The show was sponsored by Birthright Israel Next — the alumni group for young adults who have taken a Birthright-sponsored trip to Israel — and the band’s Jewish music label, JDub Records. It was held on December 27, the seventh night of Hanukkah, and coincided with another JDub holiday show that took place in Philadelphia. In Cambridge, Golem shared the bill with opening band Wailing Wall, whose sound could be described as Bob Dylan meets the reggae-punk band Bad Brains. New York’s DJ Joro Boro played for the stragglers after the two bands.
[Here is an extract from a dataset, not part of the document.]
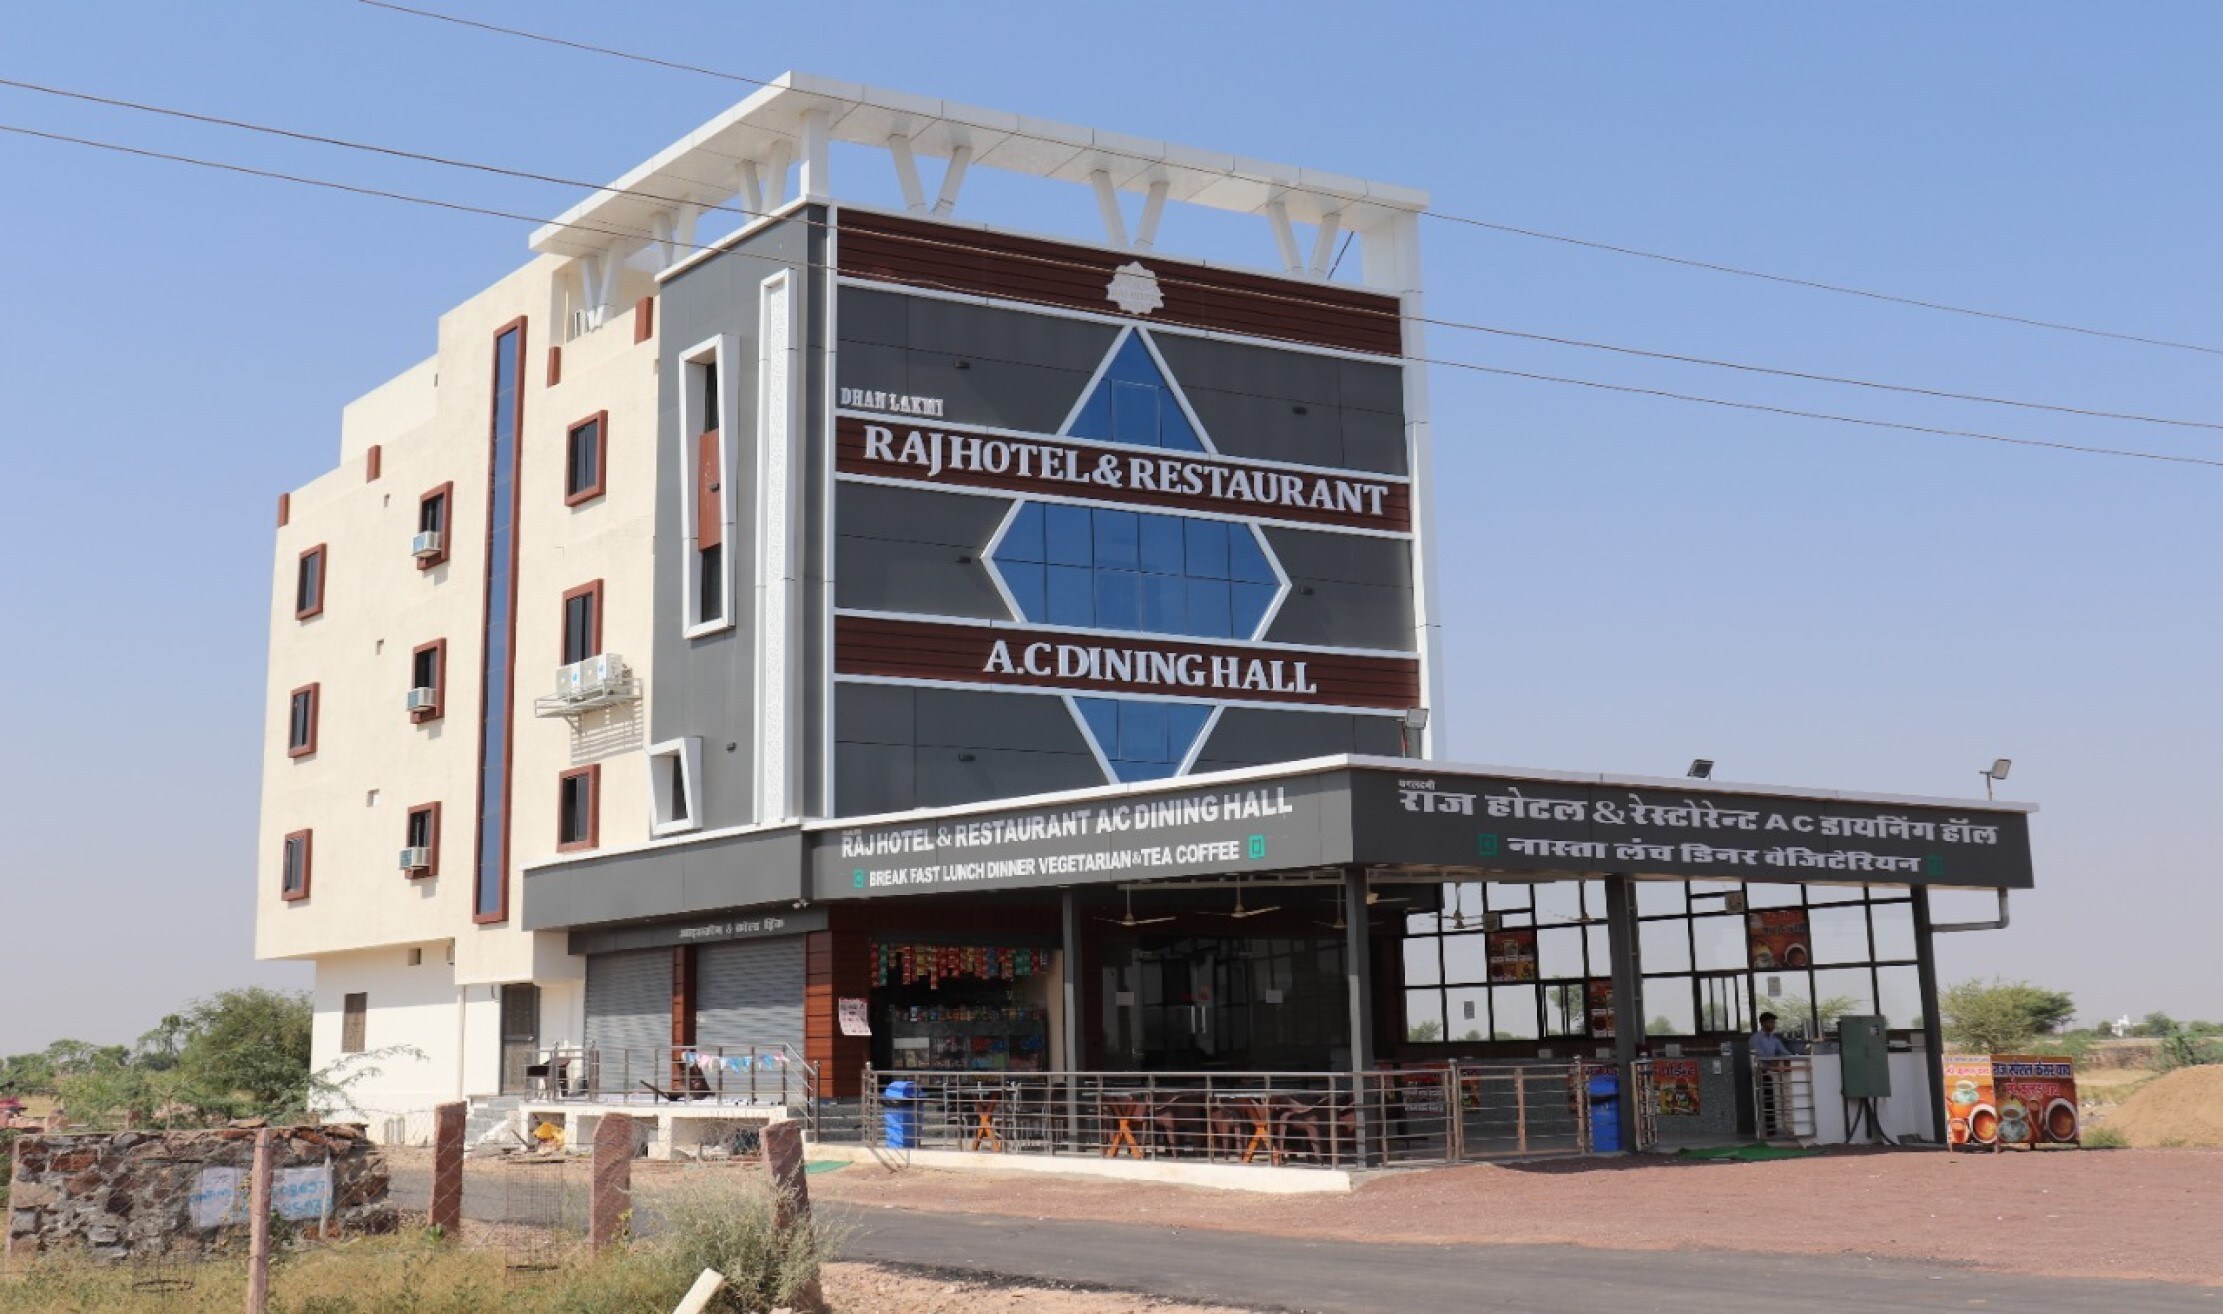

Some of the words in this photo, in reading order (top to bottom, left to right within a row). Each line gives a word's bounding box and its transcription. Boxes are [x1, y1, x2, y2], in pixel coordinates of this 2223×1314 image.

Golem is certainly not the only music group to attempt to redefine traditional Eastern-European Jewish wedding music, but no other band seems more convincingly and energetically to make the case that klezmer and punk rock share the same DNA. Experiencing the physical and vocal contortions of singer Aaron Diskin and the music’s frantic downbeat, the connection is clear.
The group stays true to the spirit of klezmer in another way: Its music, at its core, is meant to get you moving. A good case in point is the song “Tucheses and Nenes” — look it up — a track on its forthcoming album, “Citizen Boris.” Due out in February, it follows the band’s 2006 release, “Fresh off the Boat” — its first with JDub, the not-for-profit label home to Balkan Beat Box and, at one time, the Hasidic reggae icon Matisyahu.
For Golem, which also includes a trombonist and a fiddler, klezmer and traditional music is not just a schtick. Ezekiel Kogan is a classically trained pianist and she is fluent in five languages; the band’s lyrics weave English, Yiddish and a Slavic pastiche. She took up the accordion because it had a familiar keyboard and, at the same time, she could rock out with it. “It’s better than lugging around a grand piano,” Ezekiel Kogan said.